Das Ziel der Broker ist es, z.B. eine Weizen- oder Kakaoladung möglichst billig zu kaufen, um sie zu einem späteren Zeitpunkt zum höchst möglichen Preis wieder weiter zu verkaufen. Der dabei entstandene Gewinn oder Verlust bestimmt dann die Höhe des Brokergehalts.

Das Hauptthema der Börsenbroker an der Chicagoer Warenterminbörse und weiteren Börsen ist deshalb in solch einem Jahr El Niño und nicht wie sonst Football. Die Broker haben aber ein recht merkwürdiges Verhältnis zu El Niño: Sie sind froh über die von El Niño verursachten Katastrophen. Denn durch die  Knappheit einzelner Rohstoffe steigen deren Preise und hohe Gewinne können realisiert werden. Vorgesetzt, die Broker haben rechtzeitig die richtigen Termingeschäfte abgeschlossen!
Auf der anderen Seite müssen die Menschen in den betroffenen Gebieten verhungern oder verdursten. Ihre mühevoll aufgebauten Existenzen werden kurzerhand durch einen Wirbelsturm oder einen Regenguss zerstört und die Börsianer nehmen dies ohne Mitgefühl wahr. Sie sehen dabei nur den daraus entstehenden finanziellen Profit und ignorieren die moralischen und ethischen Aspekte. Man kommt bei solchem Handeln nicht um den Gedanken herum, dass hierbei das menschliche Leben weniger zählt als Geld!

Ein weiterer wirtschaftlicher Aspekt, welcher von El Niño verursacht wurde, sind die völlig überlasteten Dachdeckerunternehmen in Kalifornien. Denn viele Menschen in den von Flutwellen und Hurrikans gefährdeten Gebieten, haben aus Vorsicht oder Angst ihre Häuser - insbesondere ihre Dächer - ausbessern und verstärken lassen.

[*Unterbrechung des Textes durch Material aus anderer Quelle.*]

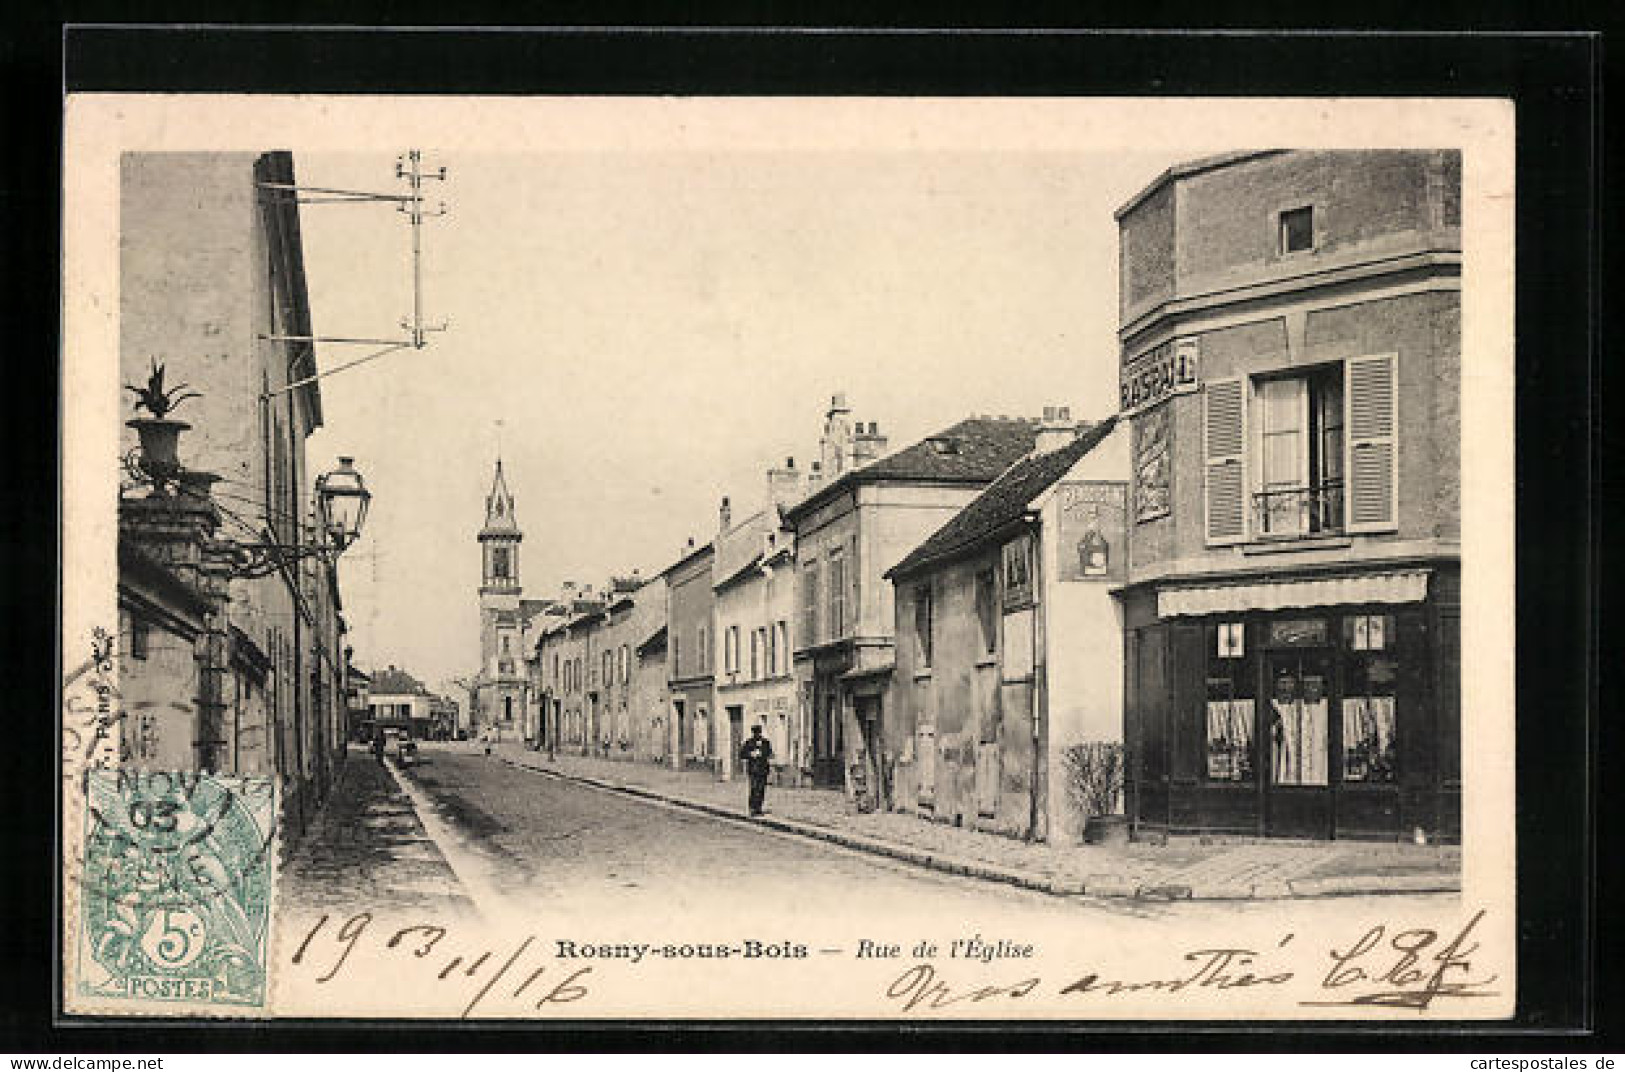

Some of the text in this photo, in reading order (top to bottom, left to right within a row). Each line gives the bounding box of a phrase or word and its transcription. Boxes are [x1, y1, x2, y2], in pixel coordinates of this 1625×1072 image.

Diese Auftragsflut kam der Bauindustrie gerade recht, da nun ihre Auftragsbücher seit längerer Zeit wieder voll sind. Diese zum Teil hysterischen Vorbeugungsmaßnahmen vor den bevorstehenden El Niño- Katastrophen fanden vor der Jahreswende 97/98 - dem El Niño- Saison- Höhepunkt - statt.

Man kann also sehen, dass El Niño mit seinen Folgen die unterschiedlichsten Auswirkungen auf die nationalen Volkswirtschaften einzelner Länder hat. Desweiteren beeinflusst er sogar die Weltwirtschaft, was sich durch die schwankenden Nahrungsmittelpreise an den Warenterminbörsen erkennen lässt. Dies hat dann schließlich Auswirkungen auf uns Konsumenten in der ganzen Welt.